The data shows that the number of homicides increased nearly 30% from 2019, the largest single-year increase the agency has recorded since it began tracking these crimes in the 1960s.

The violent crime rate rose 5.2 percent.

The estimated number of aggravated assault offenses rose 12.1 percent, and the volume of murder and nonnegligent manslaughter offenses increased 29.4 percent.

Property crime continues to decrease.

Readers need to understand that only 41 percent of violent crimes in the US are reported to law enforcement.

Counting Crime in The US Is Complex

I wished there was a simpler explanation regarding crime increases in the United States. Yes, counting crimes is getting very complex.

The FBI’s press release regarding crime increases for all of 2020 is below. Not all categories of violent crime increased.

First, there are two principal data sources for measuring US crime, the FBI based on crimes reported to law enforcement and the Bureau of Justice Statistics National Crime Victimization Survey.

Only 41 percent of violent crimes are reported to law enforcement, thus the need for a national survey to collect data on all crime.

The new data format from The FBI’s Crime Data Explorer leaves you very confused. The older Summary Reporting System was much simpler.

Crime Increases For 2020 Are Based On The FBI’s National Incident Based Reporting System (NIBRS) And The Prior Summary Reporting System

The FBI’s National Incident Based Reporting System (NIBRS) is new to most consumers of crime statistics. The data in this article for violent crime in 2020 (compared to 2019) is based on the NIBRS and the FBI’s prior Summary Reporting System.

There are significant differences between the two data collection methods. Both fall under the FBI’s Uniform Crime Reports (UCR).
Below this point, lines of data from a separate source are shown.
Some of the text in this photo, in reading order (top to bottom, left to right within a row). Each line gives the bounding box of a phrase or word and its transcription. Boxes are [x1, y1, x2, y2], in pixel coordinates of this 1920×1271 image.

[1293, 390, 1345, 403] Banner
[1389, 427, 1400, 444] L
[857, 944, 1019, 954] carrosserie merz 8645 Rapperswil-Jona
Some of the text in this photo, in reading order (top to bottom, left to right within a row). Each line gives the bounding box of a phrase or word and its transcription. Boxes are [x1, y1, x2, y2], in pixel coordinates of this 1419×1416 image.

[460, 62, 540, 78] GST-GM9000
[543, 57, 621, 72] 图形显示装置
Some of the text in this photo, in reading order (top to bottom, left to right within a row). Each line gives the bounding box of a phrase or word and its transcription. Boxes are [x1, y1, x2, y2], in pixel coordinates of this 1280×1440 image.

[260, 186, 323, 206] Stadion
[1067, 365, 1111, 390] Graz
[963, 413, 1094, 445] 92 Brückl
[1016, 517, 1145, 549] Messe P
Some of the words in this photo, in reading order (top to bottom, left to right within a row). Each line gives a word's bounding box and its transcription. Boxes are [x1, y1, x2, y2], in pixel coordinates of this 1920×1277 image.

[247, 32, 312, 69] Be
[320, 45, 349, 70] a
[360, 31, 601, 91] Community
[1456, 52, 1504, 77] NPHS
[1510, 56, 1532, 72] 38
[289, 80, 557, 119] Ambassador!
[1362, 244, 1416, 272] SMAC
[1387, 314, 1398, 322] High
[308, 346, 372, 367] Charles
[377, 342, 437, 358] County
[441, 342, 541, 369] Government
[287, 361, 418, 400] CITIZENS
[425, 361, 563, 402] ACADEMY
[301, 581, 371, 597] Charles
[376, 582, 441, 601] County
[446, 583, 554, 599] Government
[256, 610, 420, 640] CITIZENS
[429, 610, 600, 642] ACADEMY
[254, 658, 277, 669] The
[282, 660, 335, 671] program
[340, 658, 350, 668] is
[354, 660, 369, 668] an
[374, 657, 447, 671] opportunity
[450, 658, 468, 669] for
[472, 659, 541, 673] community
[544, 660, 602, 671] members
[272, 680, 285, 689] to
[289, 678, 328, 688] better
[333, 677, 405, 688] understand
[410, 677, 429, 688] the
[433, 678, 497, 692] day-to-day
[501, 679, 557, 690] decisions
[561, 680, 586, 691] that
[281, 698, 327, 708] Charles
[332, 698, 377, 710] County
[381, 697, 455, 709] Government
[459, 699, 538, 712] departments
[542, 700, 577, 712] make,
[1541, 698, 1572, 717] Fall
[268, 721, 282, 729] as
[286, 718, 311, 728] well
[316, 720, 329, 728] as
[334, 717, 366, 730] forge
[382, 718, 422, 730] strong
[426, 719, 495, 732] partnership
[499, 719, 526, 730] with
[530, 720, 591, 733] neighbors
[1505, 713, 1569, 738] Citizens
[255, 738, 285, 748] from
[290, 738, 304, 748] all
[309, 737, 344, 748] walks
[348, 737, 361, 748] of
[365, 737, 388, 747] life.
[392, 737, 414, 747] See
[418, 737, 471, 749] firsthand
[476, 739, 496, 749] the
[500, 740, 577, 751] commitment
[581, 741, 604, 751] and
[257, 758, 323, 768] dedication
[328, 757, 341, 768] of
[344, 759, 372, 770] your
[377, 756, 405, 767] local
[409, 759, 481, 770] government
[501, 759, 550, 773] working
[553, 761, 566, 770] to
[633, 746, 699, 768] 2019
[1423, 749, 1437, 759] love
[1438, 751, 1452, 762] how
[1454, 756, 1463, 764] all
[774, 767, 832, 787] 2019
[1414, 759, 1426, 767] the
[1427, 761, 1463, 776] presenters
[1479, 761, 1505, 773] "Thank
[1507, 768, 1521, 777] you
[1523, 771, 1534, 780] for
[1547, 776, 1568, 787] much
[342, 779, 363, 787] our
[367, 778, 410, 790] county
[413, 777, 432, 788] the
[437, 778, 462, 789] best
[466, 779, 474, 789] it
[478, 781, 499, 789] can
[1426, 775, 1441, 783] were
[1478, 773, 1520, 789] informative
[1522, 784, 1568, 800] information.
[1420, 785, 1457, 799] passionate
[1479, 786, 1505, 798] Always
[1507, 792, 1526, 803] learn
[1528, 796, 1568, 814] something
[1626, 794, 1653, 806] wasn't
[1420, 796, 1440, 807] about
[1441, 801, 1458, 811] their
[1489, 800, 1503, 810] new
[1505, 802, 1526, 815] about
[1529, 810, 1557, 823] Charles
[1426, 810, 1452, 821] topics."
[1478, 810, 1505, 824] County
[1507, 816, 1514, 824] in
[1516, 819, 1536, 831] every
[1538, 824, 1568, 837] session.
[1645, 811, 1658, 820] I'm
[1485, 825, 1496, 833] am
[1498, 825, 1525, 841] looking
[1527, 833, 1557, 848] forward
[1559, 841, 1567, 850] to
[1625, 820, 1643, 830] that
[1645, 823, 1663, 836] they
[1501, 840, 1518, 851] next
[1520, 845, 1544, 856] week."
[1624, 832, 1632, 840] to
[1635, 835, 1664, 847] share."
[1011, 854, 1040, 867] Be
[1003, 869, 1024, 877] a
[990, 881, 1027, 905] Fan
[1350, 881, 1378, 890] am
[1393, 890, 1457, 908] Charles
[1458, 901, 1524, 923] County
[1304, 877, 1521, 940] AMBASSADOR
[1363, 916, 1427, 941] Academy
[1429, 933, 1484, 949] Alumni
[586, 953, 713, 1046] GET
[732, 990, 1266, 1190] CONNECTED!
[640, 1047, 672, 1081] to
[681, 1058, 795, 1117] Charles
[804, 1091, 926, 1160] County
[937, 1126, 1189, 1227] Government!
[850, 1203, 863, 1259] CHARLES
For a full explanation, see Violent Crime Increases in 2020.

Beginning in 2021, only data from the National Incident Based Reporting System will be used.

As stated, there is also crime data from the US Department of Justice’s Bureau of Justice Statistics (BJS) National Crime Victimization Survey.

The latest data from BJS is from 2019 showing that violent crime has been increasing by 28 percent since 2015. Serious violent crime also increased.

Crime in The United State-2020s

Crime in The United States-2020

Police Officers Are Leaving

Per data from the Bureau of Labor Statistics (BLS), the country lost 11,009 police officers from March of 2020 to March of 2021. The growth from 4,000 to 11,000 indicates a rapidly growing trend.

It’s not just a matter of the number of police officers leaving, it may be the lack of proactivity of remaining officers that has an impact on growing violence, Big Increase In Police Officers Leaving

Full Report on Crime Rates and Numbers in The United States

I make an attempt to provide everything you need to know about counting crime in the United States at US Crime Rates.

The FBI Released Preliminary Figures For All Of 2020 Was Released In March-2021 

Per FBI preliminary statistics for 2020, there was a 25 percent increase in homicides.

Per FBI preliminary statistics for 2020, overall violent crime increased by 3.3 percent.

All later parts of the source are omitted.